Anonymous 0 Comments

Others have explained the sources of this effect: (1) you skin swells and (2) surface tension.

I wanted to add that this is very similar to a story I once read about Albert Einstein musing about beach sand. He noted that it is hard to walk in totally dry sand and also hard to walk in sand that is submerged in water, but easy to walk on sand that is wet but not submerged, right where the waves stop moving up the beach. He then explained his own observation: sand that is wet but not submerged in water sticks together through surface tension.
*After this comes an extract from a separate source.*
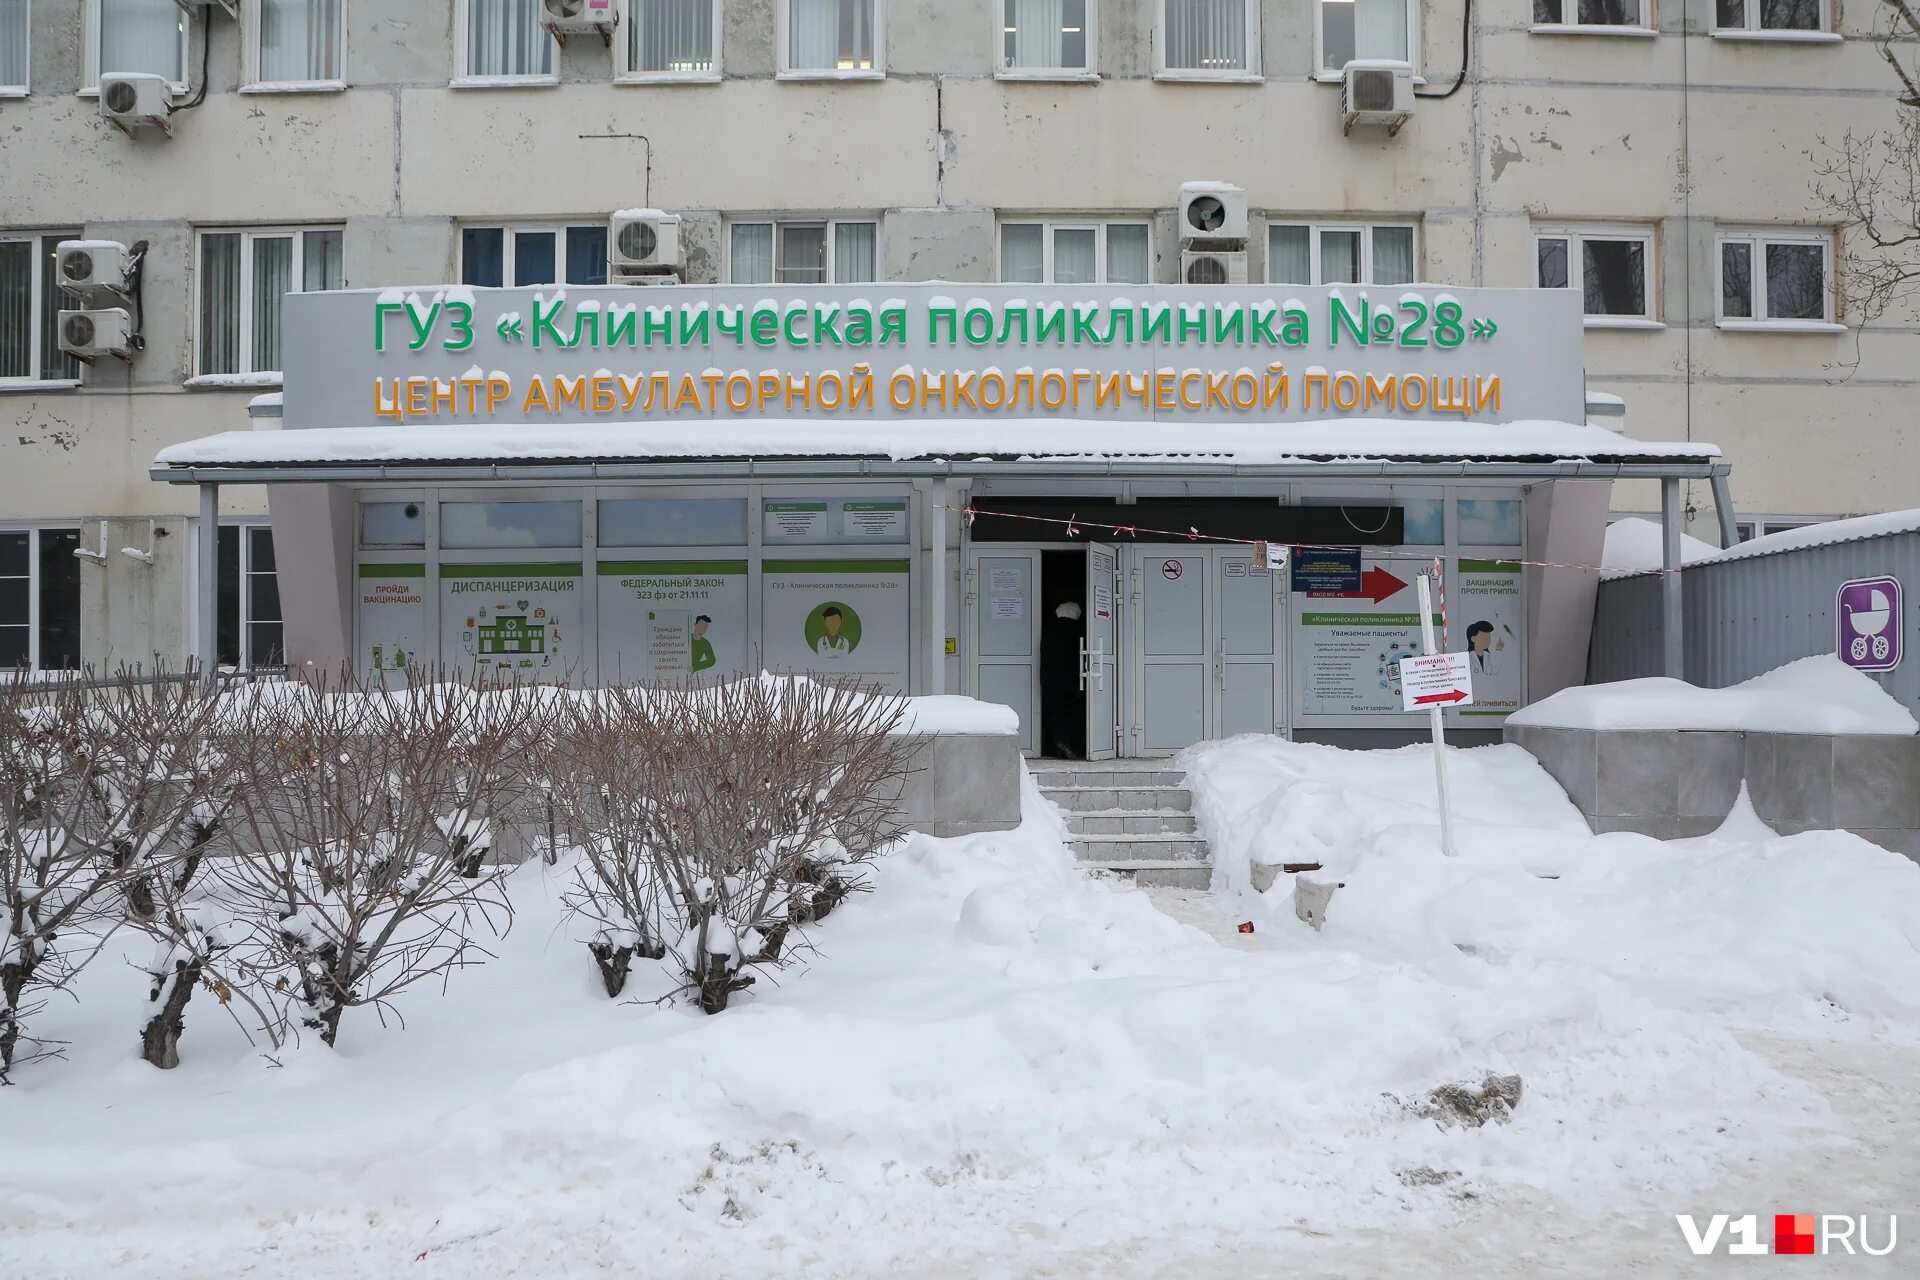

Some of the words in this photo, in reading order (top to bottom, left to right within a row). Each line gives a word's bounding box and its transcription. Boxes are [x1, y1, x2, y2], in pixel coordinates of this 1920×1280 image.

So this question has an excellent pedigree. I did some googling to find the story and I think this is it, but it is behind a paywall:
[https://physicstoday.scitation.org/doi/full/10.1063/1.2169417](https://physicstoday.scitation.org/doi/full/10.1063/1.2169417)

Anonymous 0 Comments

Is this even true? Is the point of chalk for climbers etc not to dry their hands to increase grip?

Anonymous 0 Comments

TIL this sub does not explain like I’m 5 anymore. There are a lot of correct answers upvoted most, but none at the top fit the intention of the sub lol.

Anonymous 0 Comments

When dry, all the “grippiness”, or rather friction, between your hand is skin on the surface’s object.

When just slightly wet, the moisture fills in the tiny gaps between your skin and the object. It basically acts like a weak adhesive.

When your hands are very wet, there is so much water between your skin and the object that it nor just fills in the small gaps mentioned above, but forms a film between your skin and the object, thus greatly reducing grip.